Negative Interest Rates in Switzerland―A Curse or a Blessing?
Over recent years, the central banks of several countries have set short-term interest rates below zero. In some cases, even long-term market interest rates have become negative. It does not, therefore, come as a surprise that negative interest rates have become a focal point of discussion and are increasingly being questioned. In Switzerland—currently the country with the lowest negative interest rates—the debate about the past, present, and future of this phenomenon and its impact on the overall economy is especially active. Similar discussions are taking place in the euro area with respect to the policy of the European Central Bank (ECB). Even the US president tweeted, in September 2019, that the Federal Reserve should lower interest rates "to ZERO, or less," for the US to refinance its debt.

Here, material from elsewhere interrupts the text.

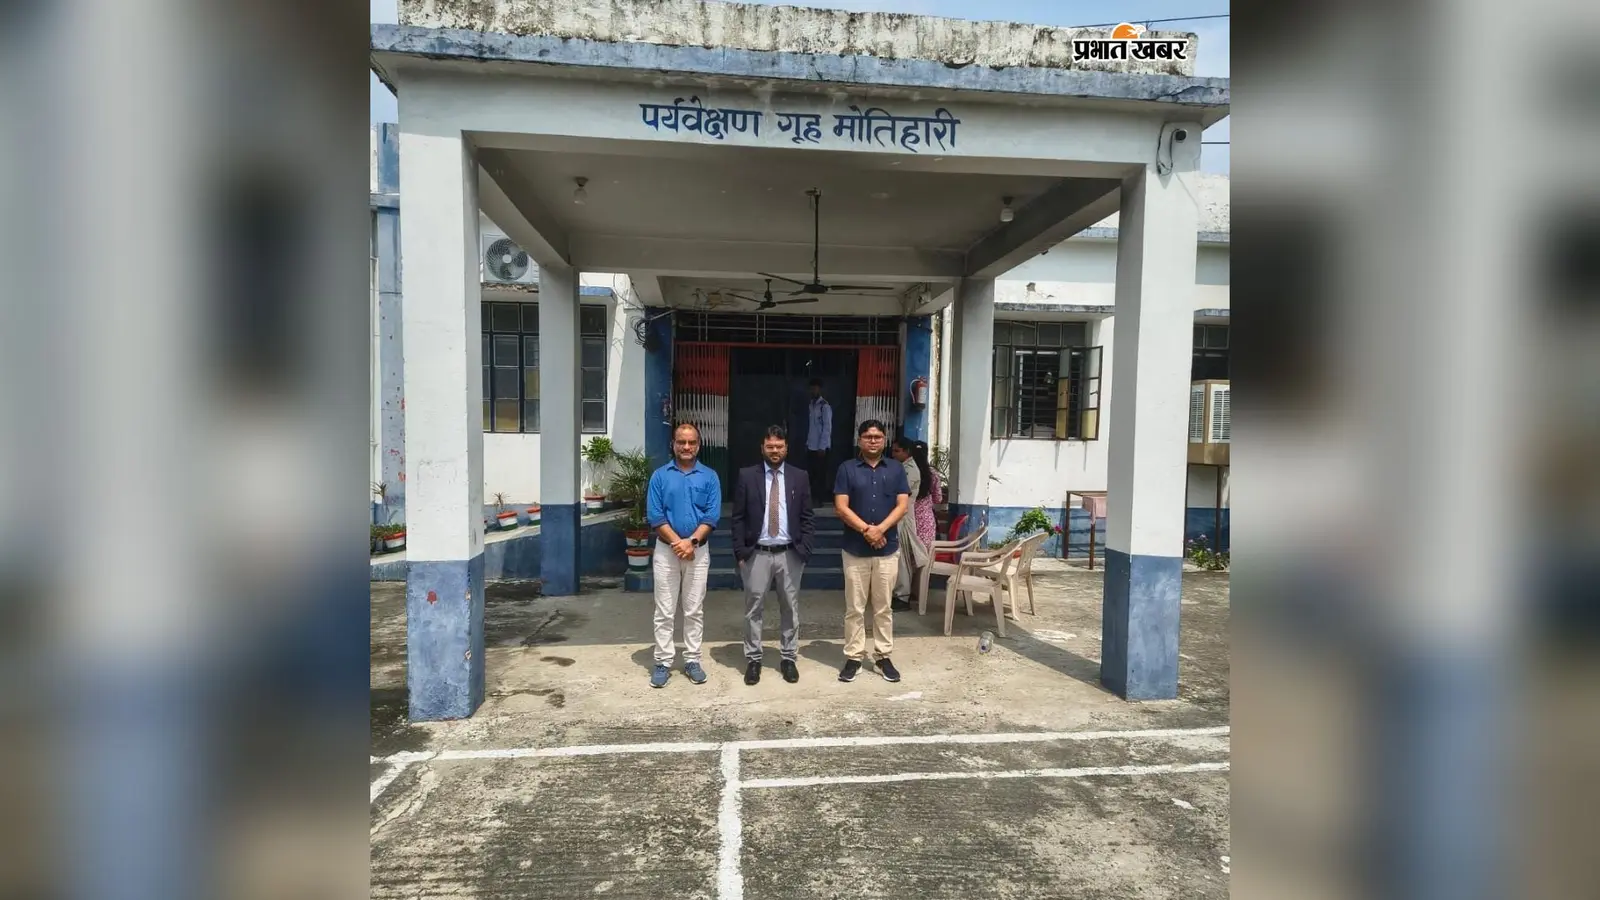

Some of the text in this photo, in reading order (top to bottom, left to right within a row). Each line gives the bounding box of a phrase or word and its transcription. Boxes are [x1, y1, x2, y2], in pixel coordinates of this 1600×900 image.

The SNB regularly explains the fundamental economic reasons for negative interest rates and why they could stay negative for some time to come. Nevertheless, the current situation is of increasing concern to a growing number of critical observers. The discussion centers around the fundamental question of whether the benefits of the current policy still outweigh the costs (including low returns on savings, asset inflation, incentives for risk-taking, and the financial situation of pension funds). It is clear that ultimately the SNB’s monetary policy influences the entire Swiss economy—and thus the Swiss population as a whole. But could the SNB really avoid negative interest rates?